** Description of the task **
Restate every record word for word, without the pictures.

** Given records **
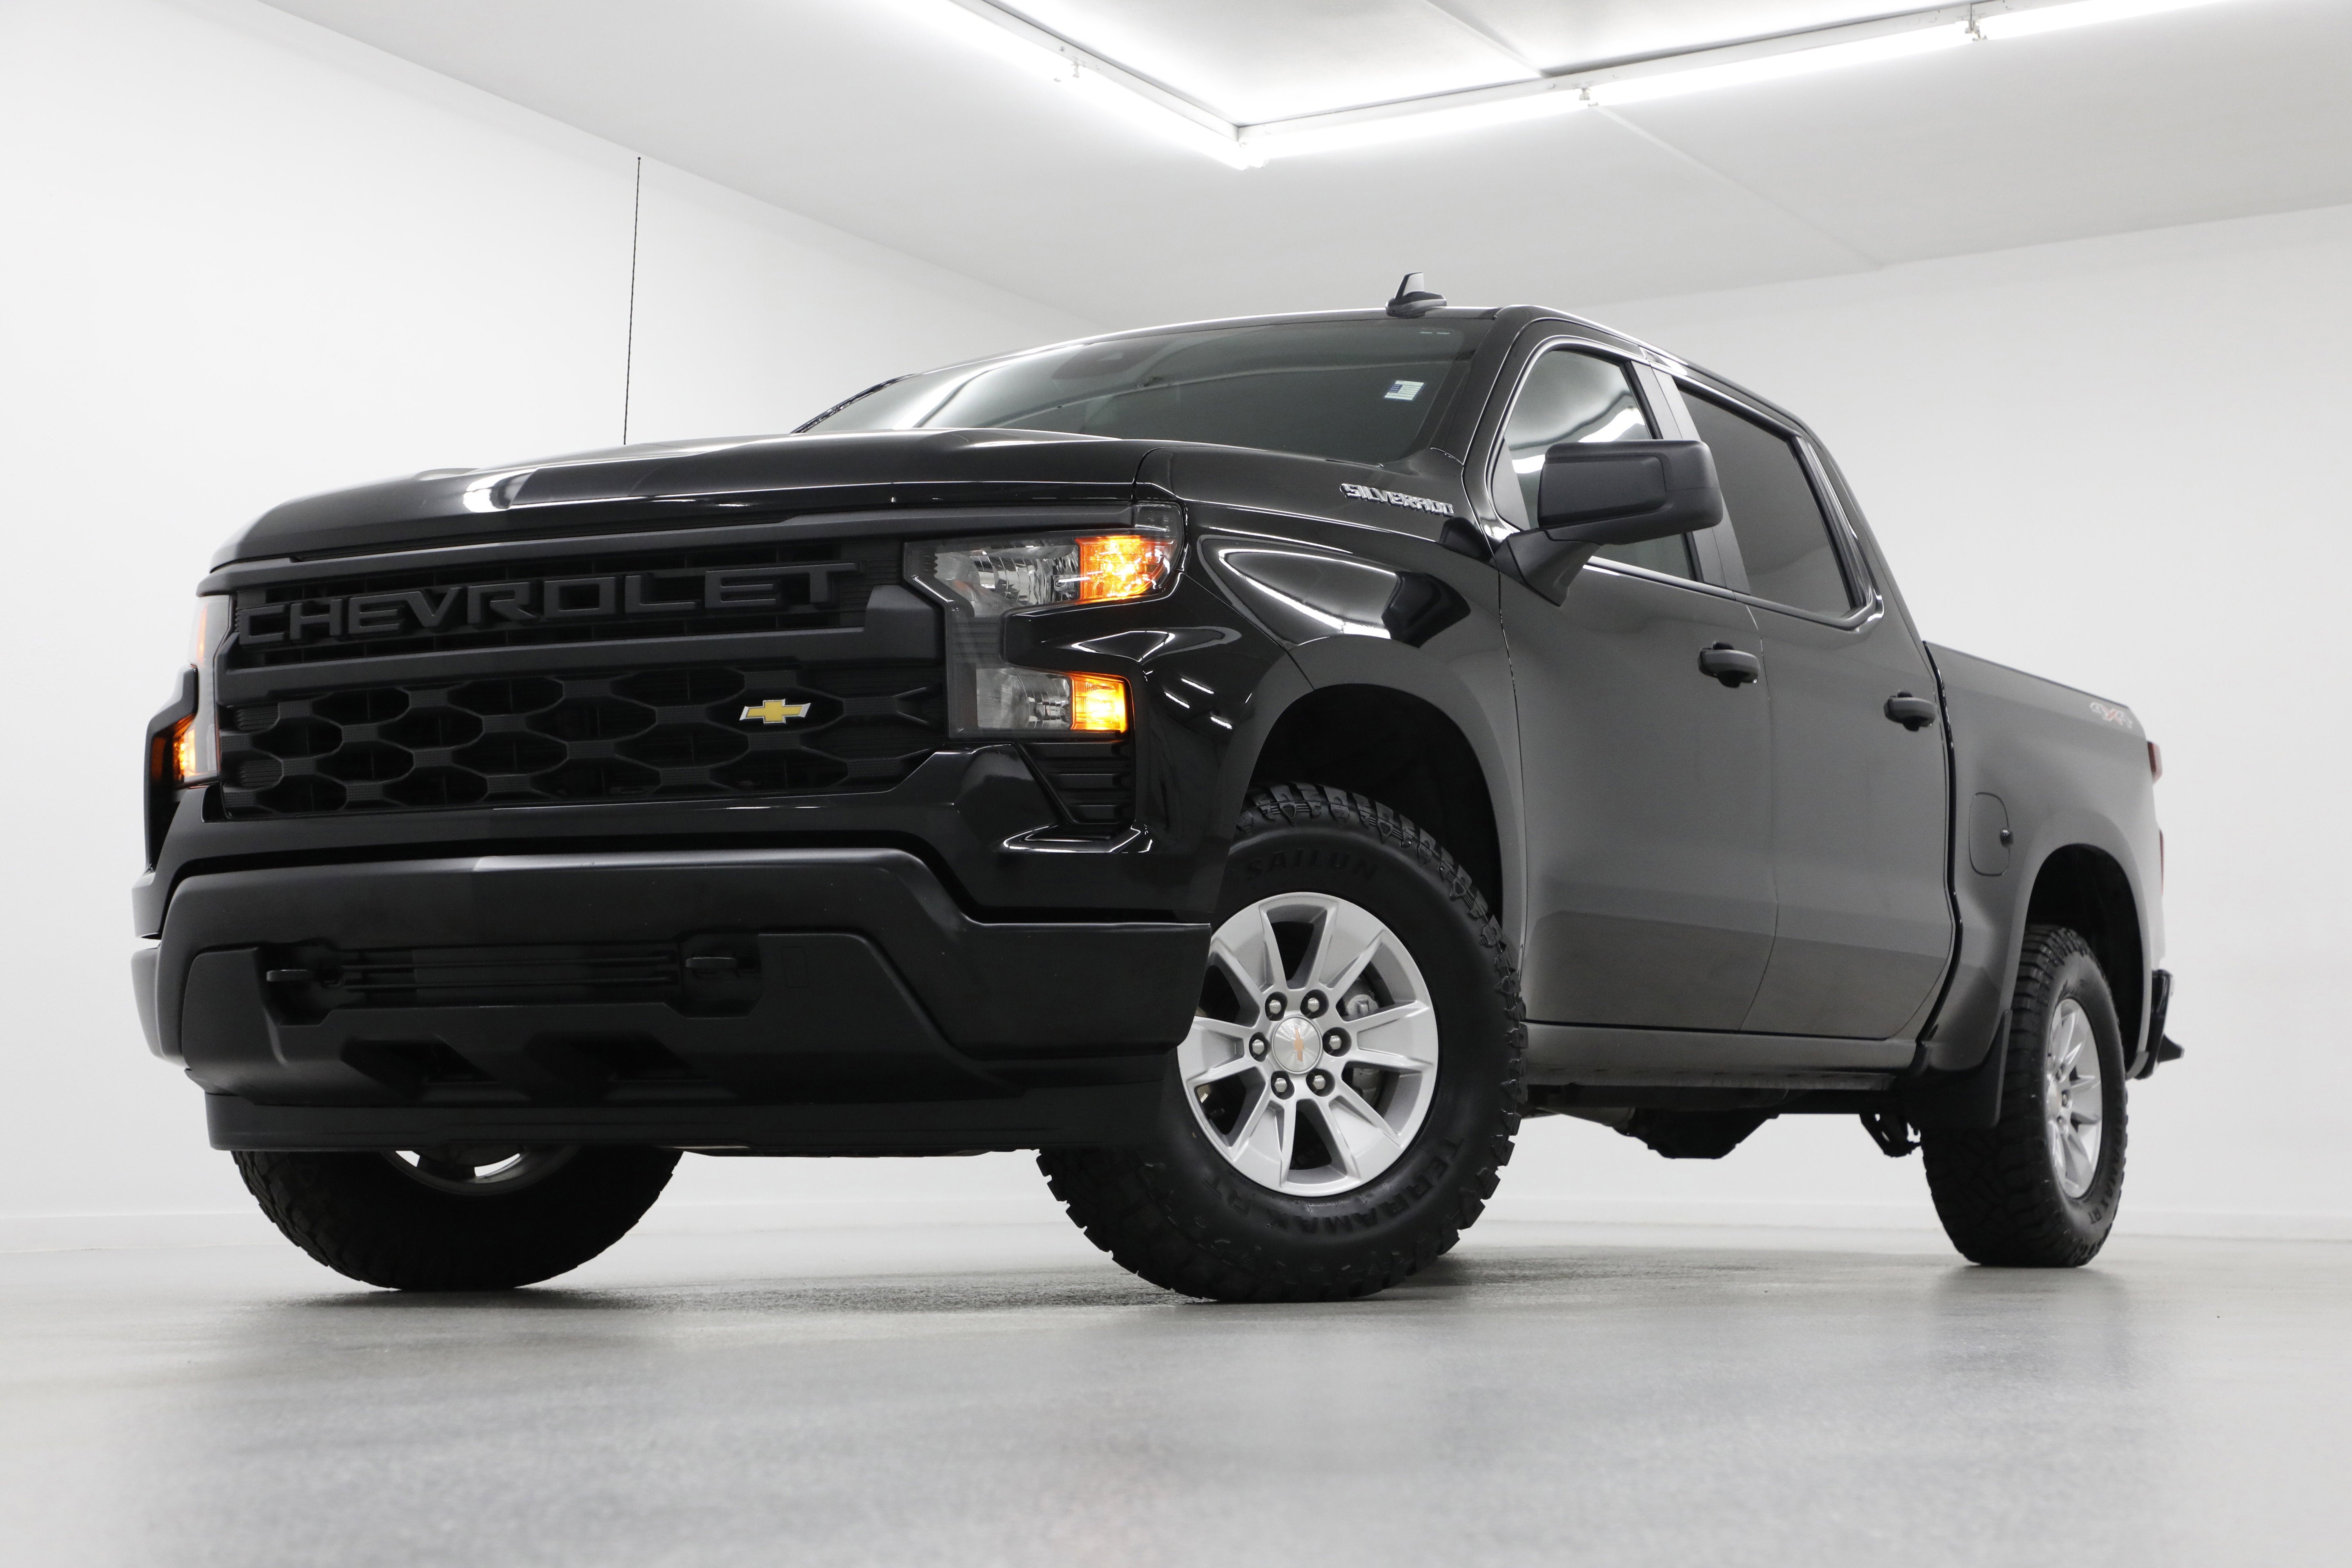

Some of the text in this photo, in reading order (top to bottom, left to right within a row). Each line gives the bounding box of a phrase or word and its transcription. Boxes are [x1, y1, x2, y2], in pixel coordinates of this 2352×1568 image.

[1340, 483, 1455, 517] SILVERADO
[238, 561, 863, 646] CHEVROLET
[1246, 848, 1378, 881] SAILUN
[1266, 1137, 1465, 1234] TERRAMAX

** Exercise answer **
Some of the text in this photo, in reading order (top to bottom, left to right within a row). Each line gives the bounding box of a phrase or word and its transcription. Boxes are [x1, y1, x2, y2], in pixel coordinates of this 2352×1568 image.

[1340, 483, 1455, 517] SILVERADO
[238, 561, 863, 646] CHEVROLET
[1246, 848, 1378, 881] SAILUN
[1266, 1137, 1465, 1234] TERRAMAX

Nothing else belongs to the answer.